Voestalpine ist profitabel unterwegs

Bilanz Der Stahlkonzern aus Österreich profitiert von der boomenden Konjunktur. Innovationen sind der Treiber dazu.

Schwäbisch Gmünd/Linz. Der österreichische Stahlkonzern voestalpine, der in Schwäbisch Gmünd ein Werk der voestalpine Automotive GmbH unterhält, erreichte vor dem Hintergrund des stärksten Konjunkturaufschwungs der letzten zehn Jahre in den ersten drei Quartalen des Geschäftsjahres 2017/18 bei Umsatz und Ergebnis auch im langjährigen Vergleich absolute Spitzenwerte. „Der Konzern profitierte im bisherigen Verlauf des Geschäftsjahres von einer außerordentlich hohen Nachfrage aus seinen wichtigsten Kundensegmenten, allen voran der europäischen Automobilindustrie.

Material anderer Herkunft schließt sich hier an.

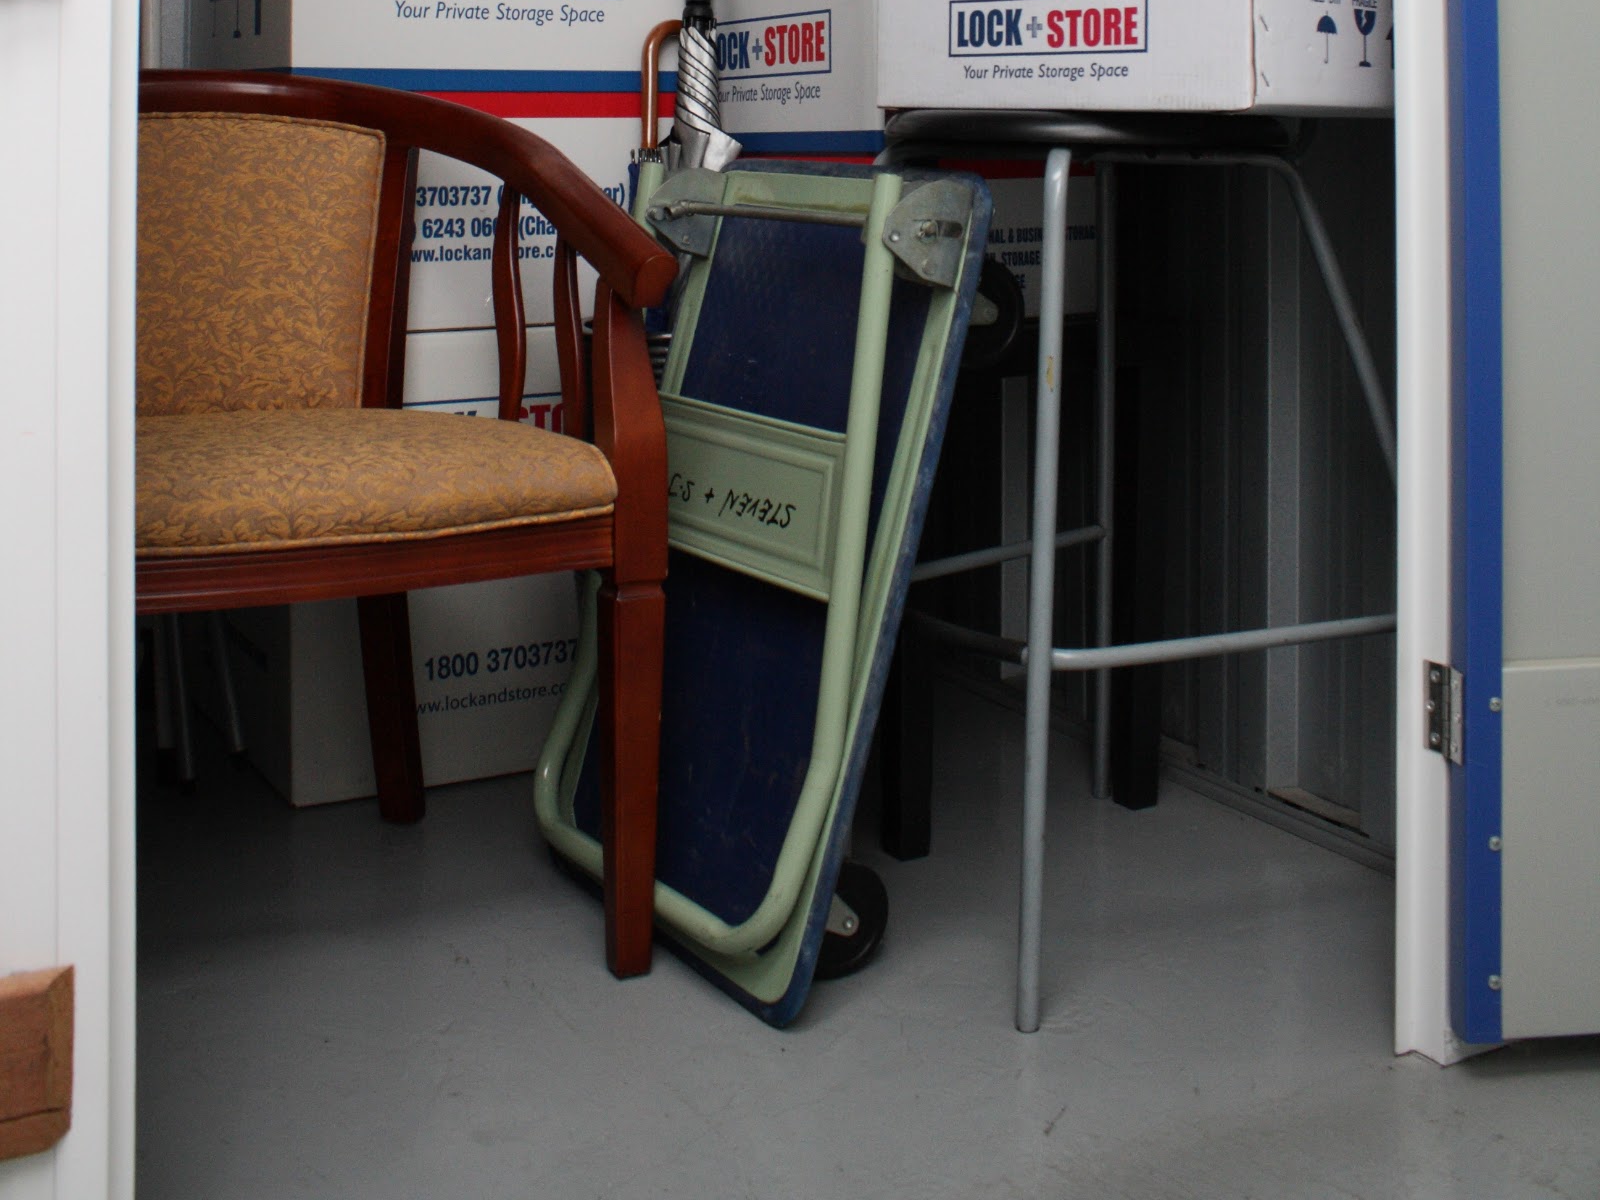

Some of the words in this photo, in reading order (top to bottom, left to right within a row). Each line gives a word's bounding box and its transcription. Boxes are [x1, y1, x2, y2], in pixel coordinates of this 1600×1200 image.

[394, 0, 431, 19] Your
[436, 1, 490, 20] Private
[496, 2, 554, 26] Storage
[560, 4, 605, 26] Space
[963, 65, 988, 79] Your
[992, 64, 1033, 79] Private
[1038, 63, 1084, 81] Storage
[1090, 62, 1129, 81] Space
[717, 90, 730, 103] our
[732, 85, 757, 102] Private
[760, 83, 791, 105] Storage
[794, 81, 821, 105] Space
[416, 186, 492, 207] 3703737
[422, 218, 465, 239] 6243
[518, 215, 555, 240] (Cha
[1017, 226, 1043, 243] BUSIN
[718, 489, 797, 528] STEVEN
[425, 652, 479, 681] 1800
[486, 639, 578, 672] 3703737

In Verbindung mit permanenter Innovation und konsequenter Qualitätsoptimierung über unser gesamtes Produktportfolio ist es gelungen, bereits zum Abschluss des dritten Quartals ein operatives Ergebnis auf annähernd dem Niveau des gesamten Vorjahres zu erzielen“, sagte Wolfgang Eder, Vorstandsvorsitzender der voestalpine AG. In Schwäbisch Gmünd ist das innovative Fertigungsverfahren namens phs-ultraform in den vergangenen Jahren vorangetrieben worden.

Der Umsatz des Konzerns stieg in den drei Quartalen um 16,8 Prozent von 8,1 auf 9,5 Milliarden Euro. Das operative Ergebnis verbesserte sich von knapp 1,1 auf aktuell 1,41 Milliarden Euro. Das Eigenkapital erreichte mit 6,3 Milliarden Euro ein neues „Allzeit-Hoch“.